When you copy the records, keep every word exact and leave the pictures out.

----

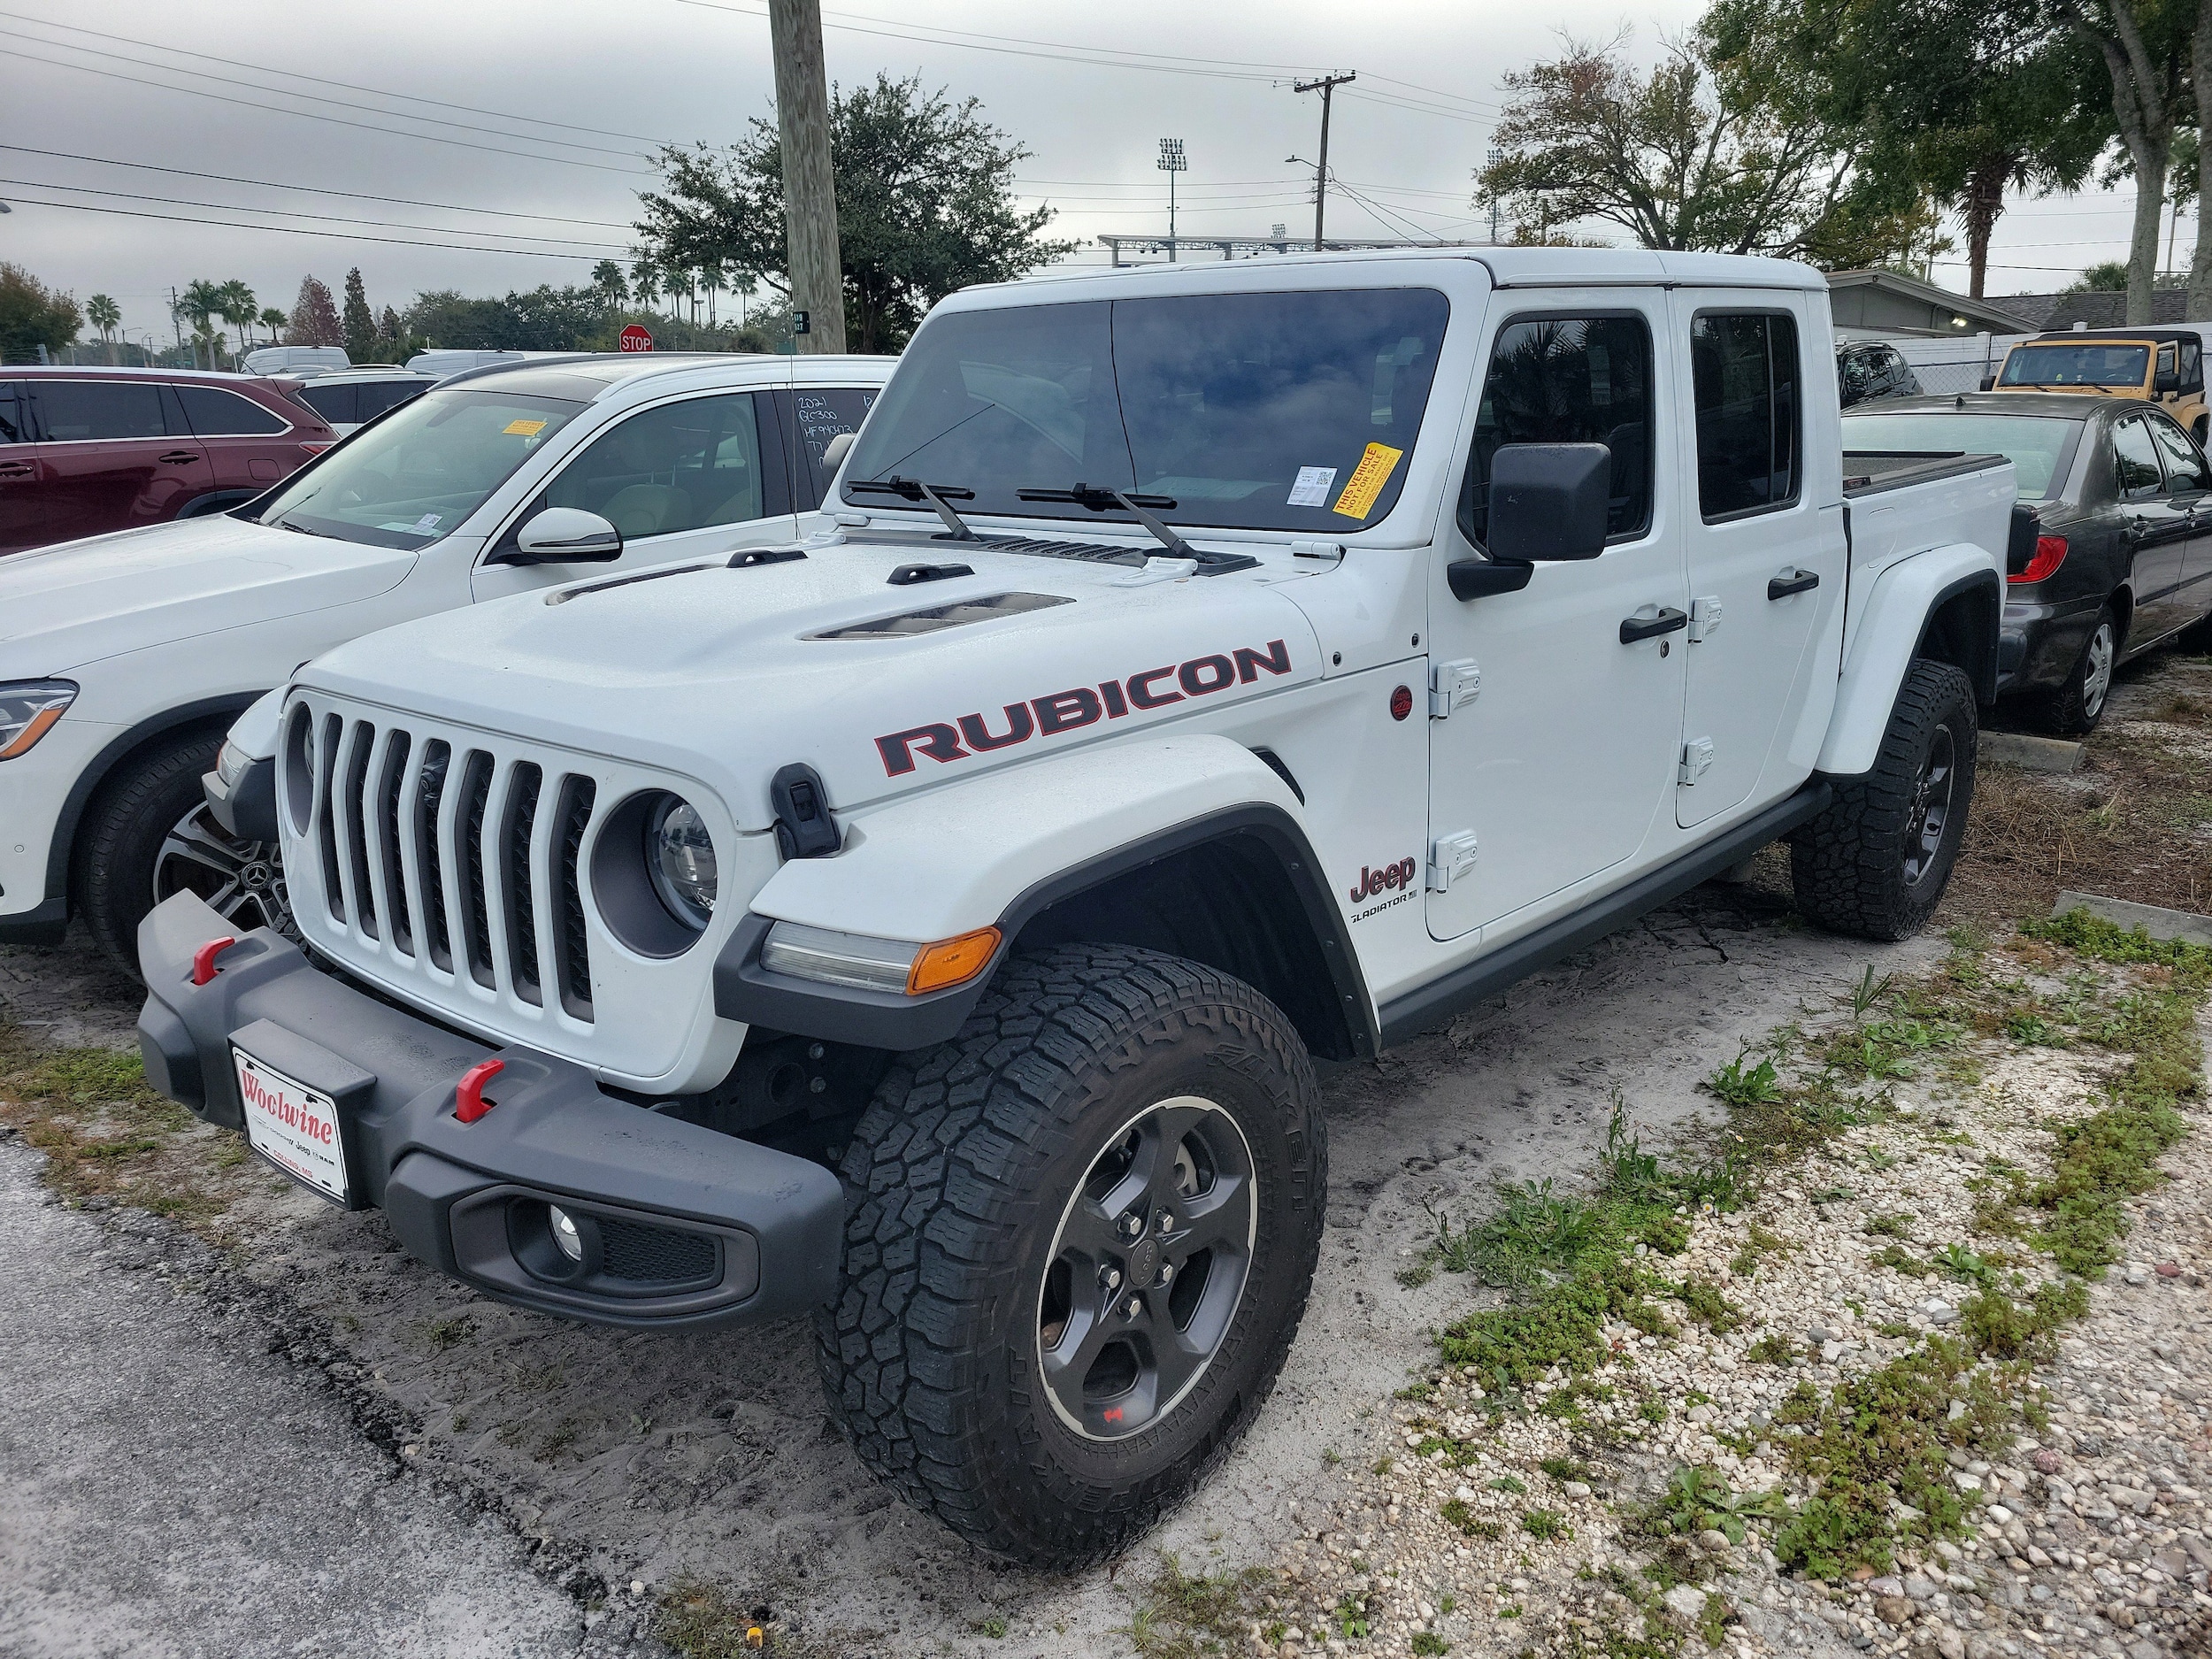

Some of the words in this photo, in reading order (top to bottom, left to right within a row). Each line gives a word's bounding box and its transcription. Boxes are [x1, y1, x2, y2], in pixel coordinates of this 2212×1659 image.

[622, 335, 651, 350] STOP
[798, 396, 827, 408] 2021
[799, 410, 838, 422] GLC300
[1336, 489, 1354, 510] THIS
[1349, 448, 1377, 488] VEHICLE
[1346, 494, 1359, 511] NOT
[1356, 475, 1370, 492] FOR
[1368, 453, 1383, 474] SALE
[874, 639, 1292, 777] RUBICON
[1350, 856, 1416, 902] Jeep
[242, 1069, 333, 1144] Woolwine
[296, 1141, 311, 1157] Jeep

----

## The answer
Some of the words in this photo, in reading order (top to bottom, left to right within a row). Each line gives a word's bounding box and its transcription. Boxes are [x1, y1, x2, y2], in pixel coordinates of this 2212×1659 image.

[622, 335, 651, 350] STOP
[798, 396, 827, 408] 2021
[799, 410, 838, 422] GLC300
[1336, 489, 1354, 510] THIS
[1349, 448, 1377, 488] VEHICLE
[1346, 494, 1359, 511] NOT
[1356, 475, 1370, 492] FOR
[1368, 453, 1383, 474] SALE
[874, 639, 1292, 777] RUBICON
[1350, 856, 1416, 902] Jeep
[242, 1069, 333, 1144] Woolwine
[296, 1141, 311, 1157] Jeep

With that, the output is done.